Proinflammatory cytokine production and insulin sensitivity regulated by overexpression of resistin in 3T3-L1 adipocytes

Authors: Yuchang Fu, Liehong Luo, Nanlan Luo, W Timothy Garvey

Published in: Nutrition & Metabolism | Issue 1/2006

Abstract

Resistin is secreted from adipocytes, and high circulating levels have been associated with obesity and insulin resistance.
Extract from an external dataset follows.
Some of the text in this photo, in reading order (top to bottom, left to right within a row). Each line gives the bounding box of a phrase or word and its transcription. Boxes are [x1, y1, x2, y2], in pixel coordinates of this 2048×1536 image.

To investigate whether resistin could exert autocrine effects in adipocytes, we expressed resistin gene in 3T3-L1 fibroblasts using a lentiviral vector, and selected several stably-transduced cell lines under blasticidin selection.
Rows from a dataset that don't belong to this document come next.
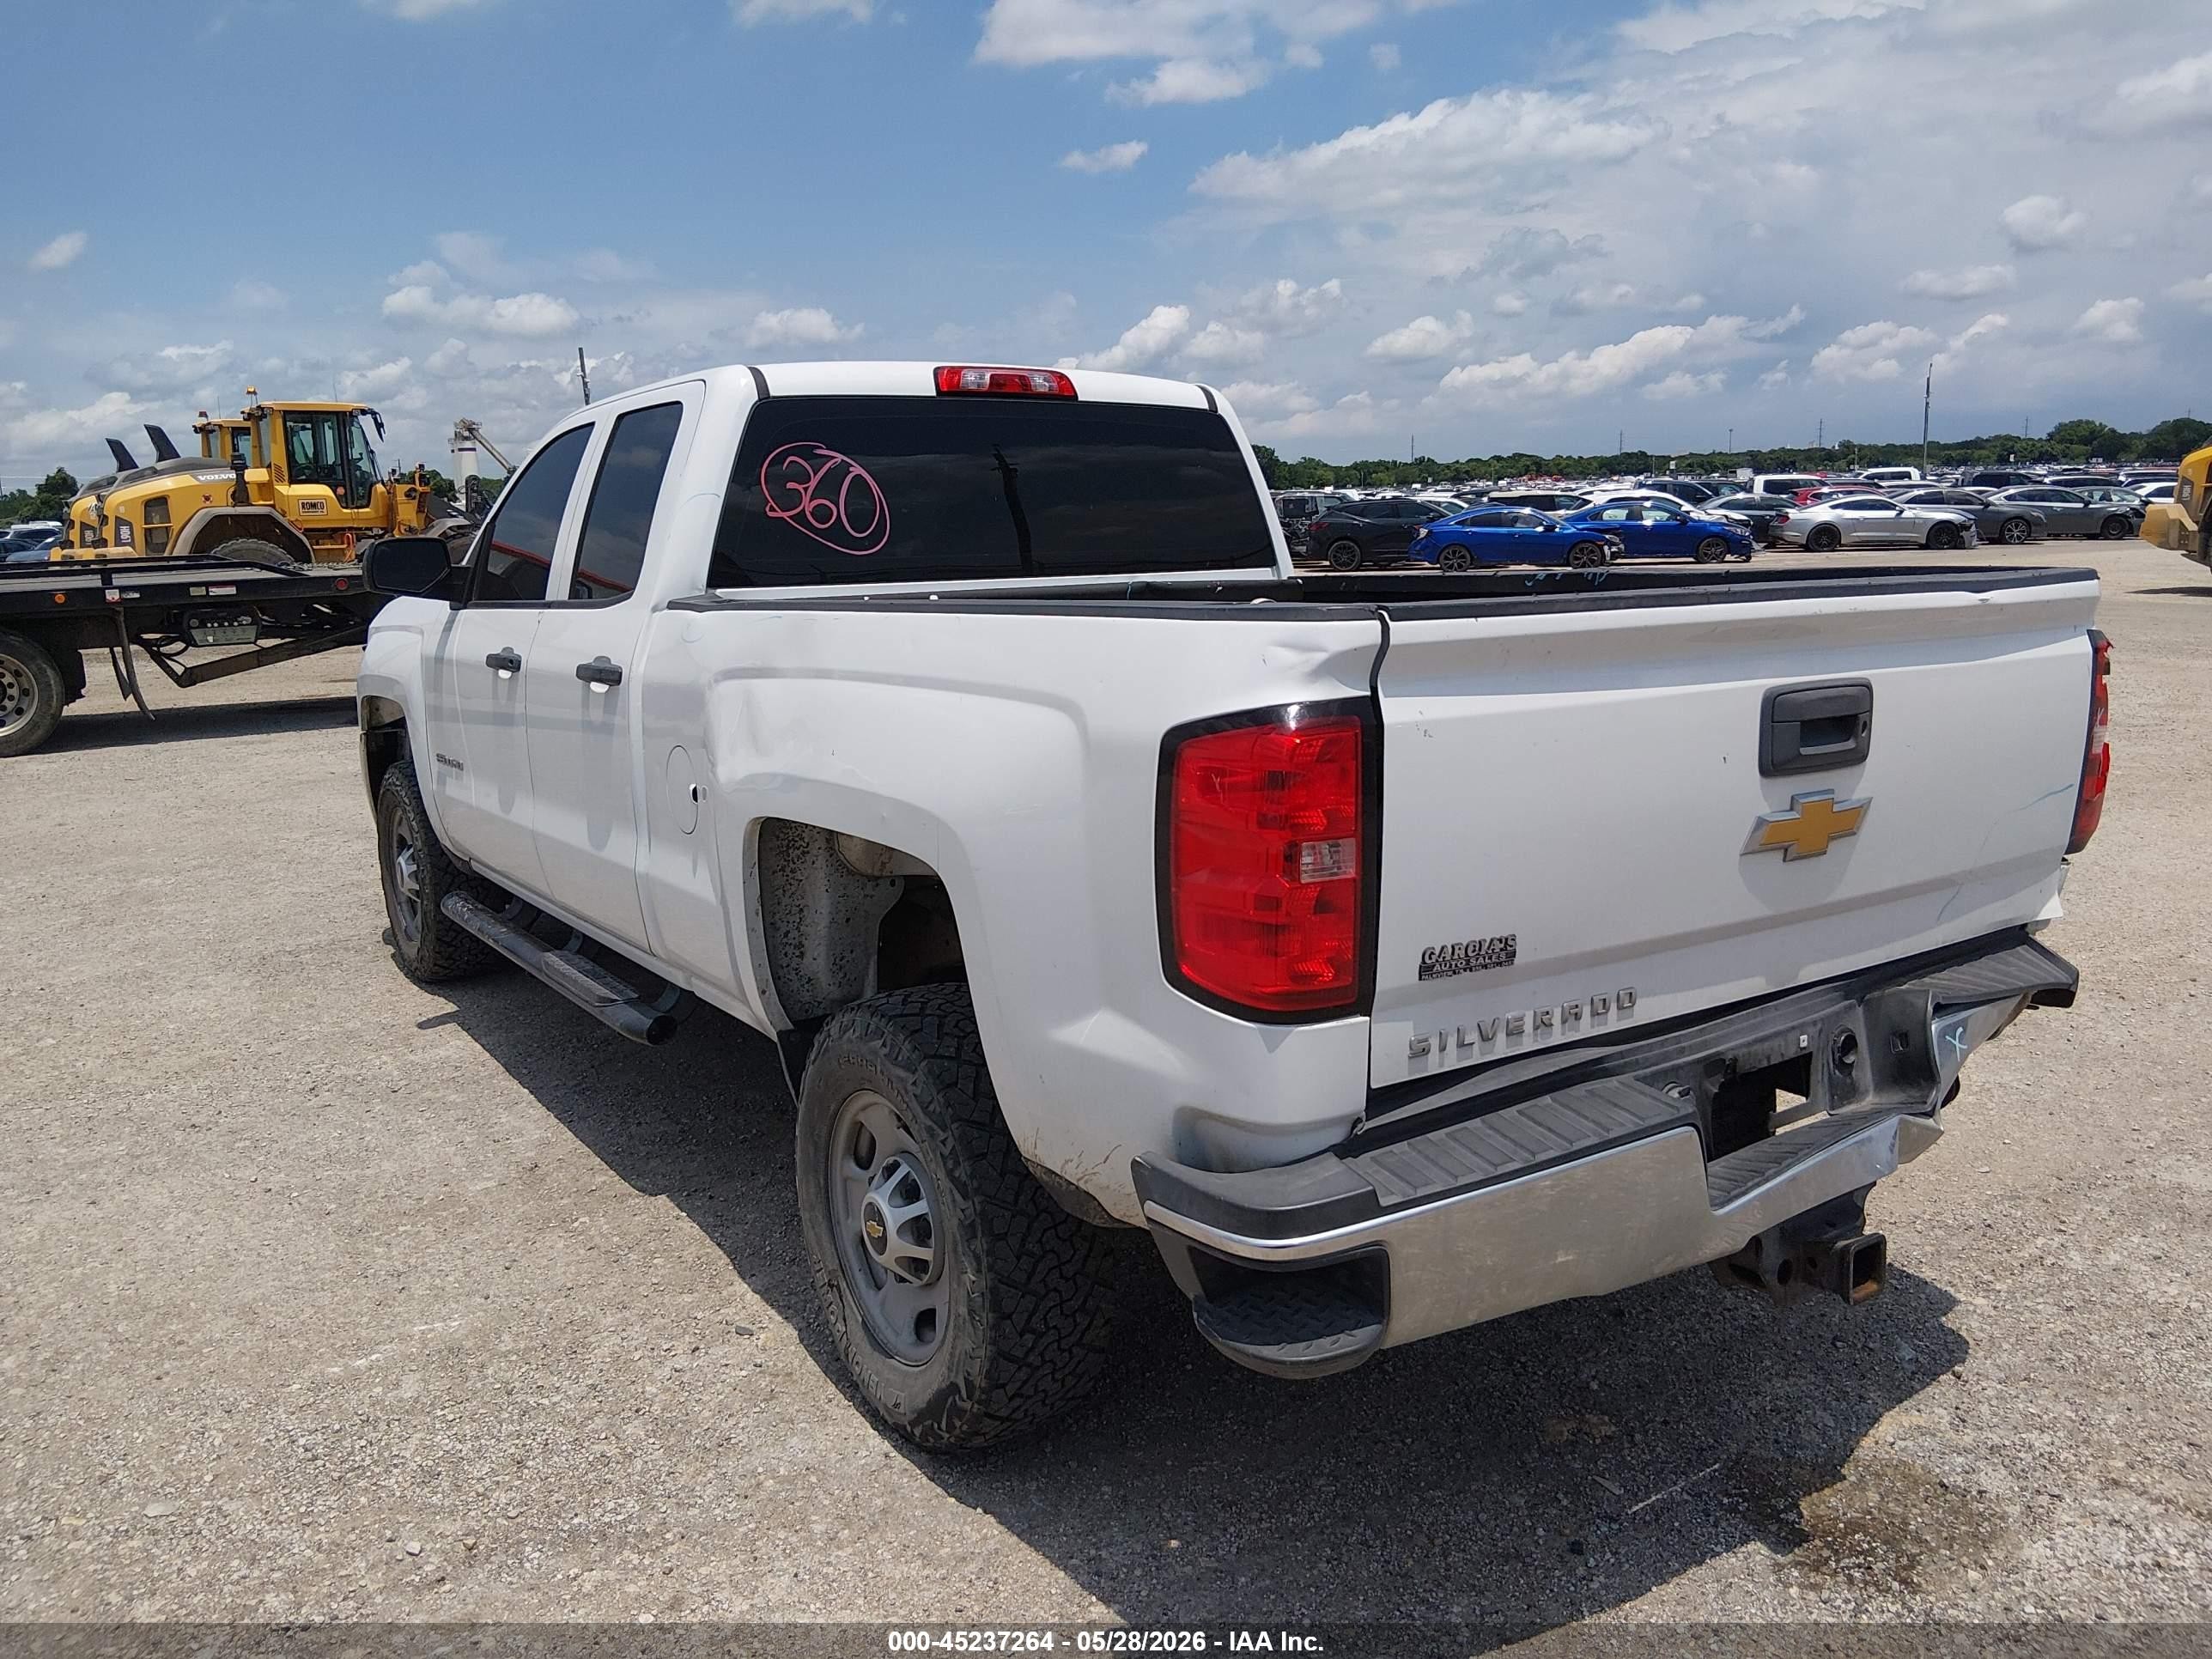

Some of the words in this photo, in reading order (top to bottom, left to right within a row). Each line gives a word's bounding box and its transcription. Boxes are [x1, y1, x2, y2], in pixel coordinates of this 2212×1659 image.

[301, 501, 325, 511] ROMCO
[765, 456, 880, 538] 360
[119, 526, 131, 543] L90H
[1432, 960, 1466, 973] AUTO
[1468, 951, 1507, 967] SALES
[1407, 987, 1638, 1058] SILVERADO
We observed that 3T3-L1 adipocytes expressing resistin have a decreased gene expression for related transcriptional factors (CCAAT/enhancer binding protein α(C/EBPα) , peroxisome proliferator-activated receptor gamma (PPARγ), and adipocyte lipid binding protein (ALBP/aP2) which is one of target genes for the PPARγ during adipocyte differentiation,. Overexpression of resistin increased the levels of three proinflammatory cytokines, tumor necrosis factor alpha (TNFα), interleukin 6 (IL-6) and monocyte chemoattractant protein-1 (MCP-1), which play important roles for insulin resistance, glucose and lipid metabolisms during adipogenesis. Furthermore, overexpressing resistin in adipocytes inhibits glucose transport 4 (GLUT4) activity and its gene expression, reducing insulin's ability for glucose uptake by 30 %.
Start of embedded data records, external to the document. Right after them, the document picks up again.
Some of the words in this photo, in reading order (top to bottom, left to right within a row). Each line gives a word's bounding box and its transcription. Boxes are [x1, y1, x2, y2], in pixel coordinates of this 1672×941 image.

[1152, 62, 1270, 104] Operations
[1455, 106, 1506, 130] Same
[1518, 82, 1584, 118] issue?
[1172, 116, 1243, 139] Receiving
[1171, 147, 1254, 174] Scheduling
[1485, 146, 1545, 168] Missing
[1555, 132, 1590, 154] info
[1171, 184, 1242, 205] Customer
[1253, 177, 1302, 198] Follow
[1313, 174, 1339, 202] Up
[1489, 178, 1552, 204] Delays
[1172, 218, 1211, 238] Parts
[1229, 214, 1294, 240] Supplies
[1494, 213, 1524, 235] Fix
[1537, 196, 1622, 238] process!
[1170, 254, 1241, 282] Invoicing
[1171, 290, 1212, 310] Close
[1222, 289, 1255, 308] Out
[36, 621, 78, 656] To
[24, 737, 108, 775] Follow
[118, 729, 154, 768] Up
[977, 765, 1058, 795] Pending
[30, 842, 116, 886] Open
In conclusion, resistin overexpression in stably transduced 3T3-L1 cells resulted in: 1) Attenuation of programmed gene expression responsible for adipogenesis; 2) Increase in expression of proinflammatory cytokines; 3) Decrease in insulin responsiveness of the glucose transport system. These data suggest a new role for resistin as an autocrine/paracrine factor affecting inflammation and insulin sensitivity in adipose tissue.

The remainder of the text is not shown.